As previously disclosed, on February 2, 2011, Bonds.com Group, Inc. (“we,” “us” or the “Company”) consummated a group of related transactions, including the sale of 65 units of securities for an aggregate purchase price of $6,500,000 to two accredited investors, with each unit (each a “Unit”) comprised of (a) warrants to purchase 1,428,571.429 shares of our Common Stock, par value $0.0001 per share, at an initial exercise price of $0.07 per share (the “Common Stock Warrants”), and (b) 100 shares of a newly-created class of preferred stock designated as Series D Convertible Preferred Stock (the “Series D Preferred”).  Additionally, as part of that transaction, the Company, the purchasers and certain other security holders entered into a Series D Stockholders Agreement and an Amended and Restated Registration Rights Agreement.  Such sale of Units, Series D Stockholders’ Agreement and Amended and Restated Registration Rights Agreement, and certain related matters, are described in more detail in the Company’s Current Report on Form 8-K filed with the Securities and Exchange Commission on February 8, 2011.

On March 7, 2011, the Company entered into two separate Unit Purchase Agreements with two accredited investors pursuant to which, among other things, the Company sold 4 Units for an aggregate purchase price of $400,000.  Additionally, in connection with such sales, the two accredited investors joined as parties to the Series D Stockholders Agreement and the Amended and Restated Registration Rights Agreement.

In addition to providing for the sale of the of the Units, these Unit Purchase Agreements contain representations and warranties of the Company in favor of the investors.  Additionally, in the Unit Purchase Agreements, the Company covenants that, as promptly as possible, but in no event later than the date 180 days after the date of the Unit Purchase Agreement, the Company shall undertake any and all actions necessary to authorize, approve and effect the increase of its authorized Common Stock from 300,000,000 shares to 1,000,000,000 shares (the “Authorized Share Increase”).
 
Cautionary Statements.

The representations, warranties and covenants contained in the Unit Purchase Agreements were made only for purposes of such agreements and as of specific dates and are solely for the benefit of the parties to such agreements.
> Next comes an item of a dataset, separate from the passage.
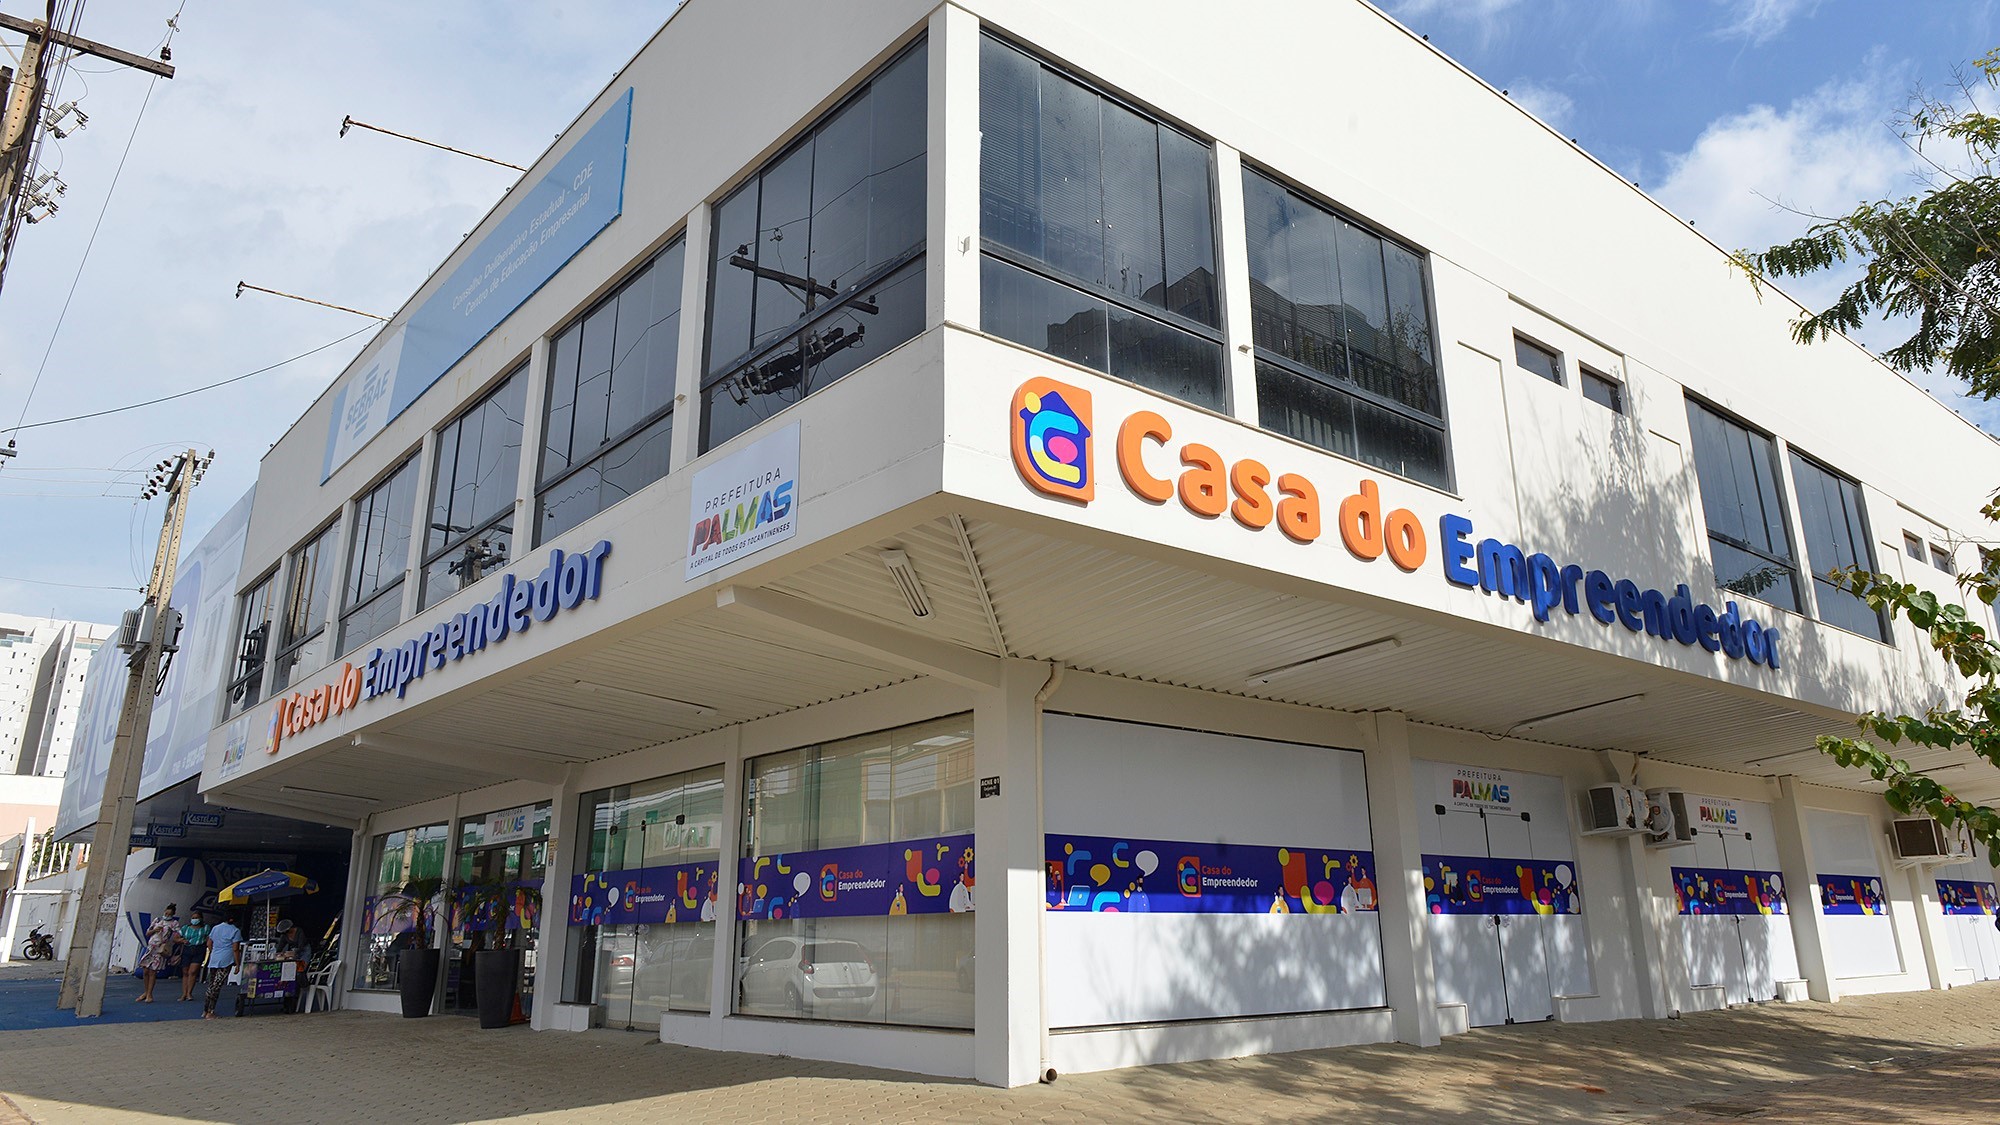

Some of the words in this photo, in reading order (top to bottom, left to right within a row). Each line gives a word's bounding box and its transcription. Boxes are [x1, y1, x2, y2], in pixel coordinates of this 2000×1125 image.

The representations and warranties may have been made for the purposes of allocating contractual risk between the parties to the agreement instead of establishing these matters as facts, and may be subject to standards of materiality applicable to the contracting parties that differ from those applicable to investors. Investors are not third-party beneficiaries under the Unit Purchase Agreements and should not rely on the representations, warranties and covenants or any descriptions thereof in this Current Report as characterizations of the actual state of facts regarding the condition or state of affairs of the Company or any of their respective subsidiaries or affiliates or anticipated future events.

Item 3.02.
Unregistered Sale of Equity Securities.
 
As summarized in Item 1.01, above, on March 7, 2011, the Company sold 4 Units.  The purchase price for such Units was $400,0000.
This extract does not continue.